▸ The task
Repeat exactly every line that comes at or after the line containing "Some of the words", through the end of the entries below.

------ Data under study ------

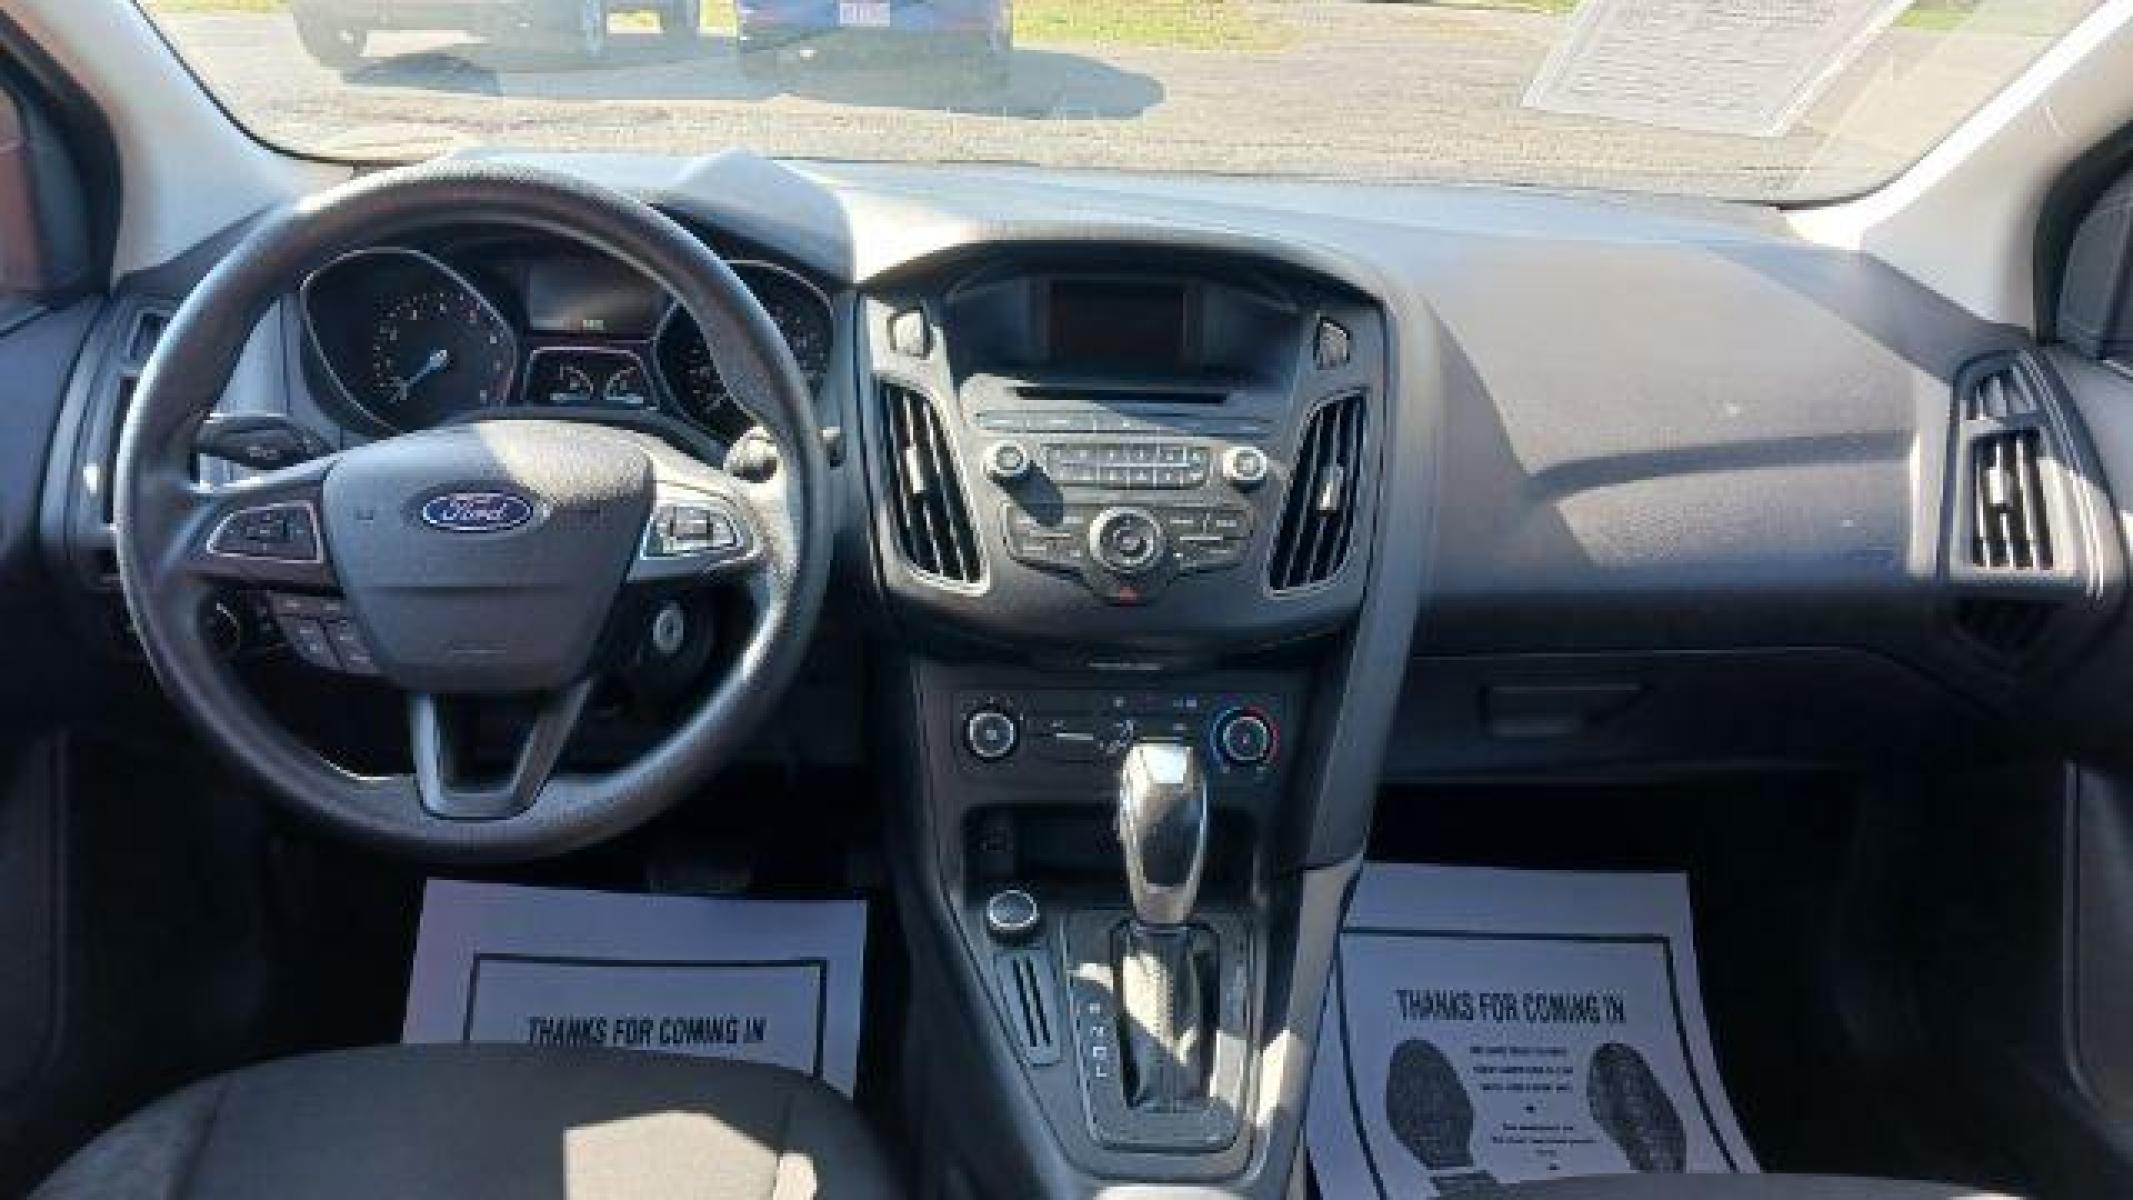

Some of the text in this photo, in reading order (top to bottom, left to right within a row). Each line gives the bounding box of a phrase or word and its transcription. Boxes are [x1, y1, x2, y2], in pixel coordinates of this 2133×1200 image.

[439, 493, 505, 520] Ford
[1396, 989, 1627, 1023] THANKS FOR COMING IN
[529, 1016, 767, 1045] THANKS FOR COMING IN
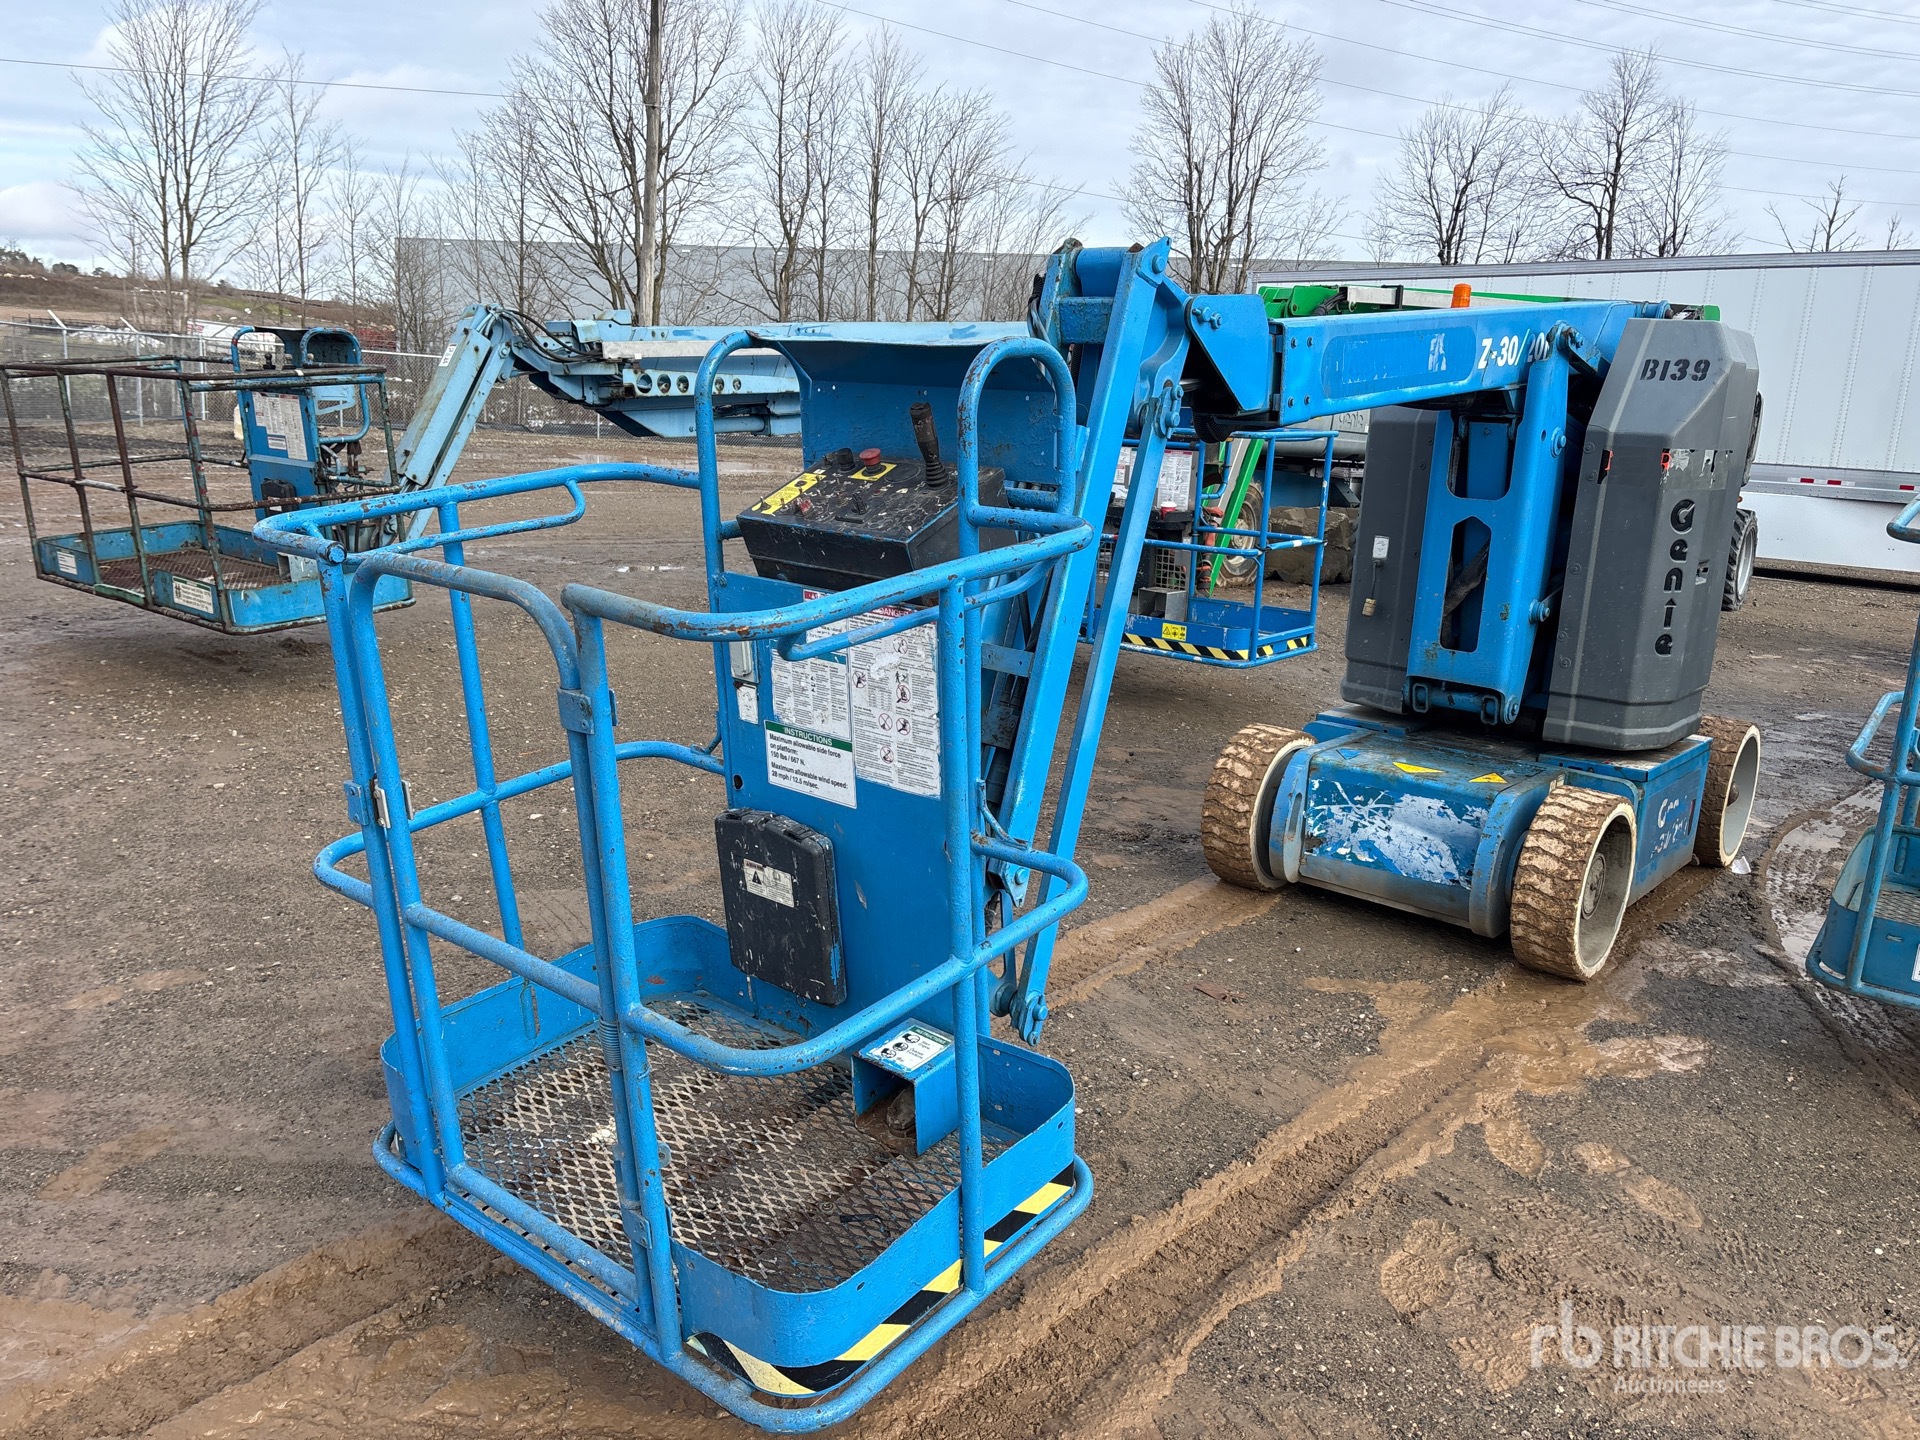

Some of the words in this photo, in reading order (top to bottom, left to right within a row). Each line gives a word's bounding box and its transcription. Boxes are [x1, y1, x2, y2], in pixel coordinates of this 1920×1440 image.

[1639, 359, 1711, 381] B139
[1654, 499, 1696, 657] Genie
[769, 733, 792, 745] Maximum
[793, 740, 816, 752] allowable
[816, 747, 828, 755] side
[828, 748, 841, 759] force
[784, 727, 833, 746] INSTRUCTIONS
[771, 750, 779, 759] 150
[777, 743, 798, 755] platform:
[771, 761, 794, 774] Maximum
[795, 769, 818, 781] allowable
[818, 776, 830, 785] wind
[831, 779, 848, 789] speed:
[779, 773, 789, 781] mph
[792, 776, 803, 785] 12.5

------

▸ Result of this task
Some of the words in this photo, in reading order (top to bottom, left to right within a row). Each line gives a word's bounding box and its transcription. Boxes are [x1, y1, x2, y2], in pixel coordinates of this 1920×1440 image.

[1639, 359, 1711, 381] B139
[1654, 499, 1696, 657] Genie
[769, 733, 792, 745] Maximum
[793, 740, 816, 752] allowable
[816, 747, 828, 755] side
[828, 748, 841, 759] force
[784, 727, 833, 746] INSTRUCTIONS
[771, 750, 779, 759] 150
[777, 743, 798, 755] platform:
[771, 761, 794, 774] Maximum
[795, 769, 818, 781] allowable
[818, 776, 830, 785] wind
[831, 779, 848, 789] speed:
[779, 773, 789, 781] mph
[792, 776, 803, 785] 12.5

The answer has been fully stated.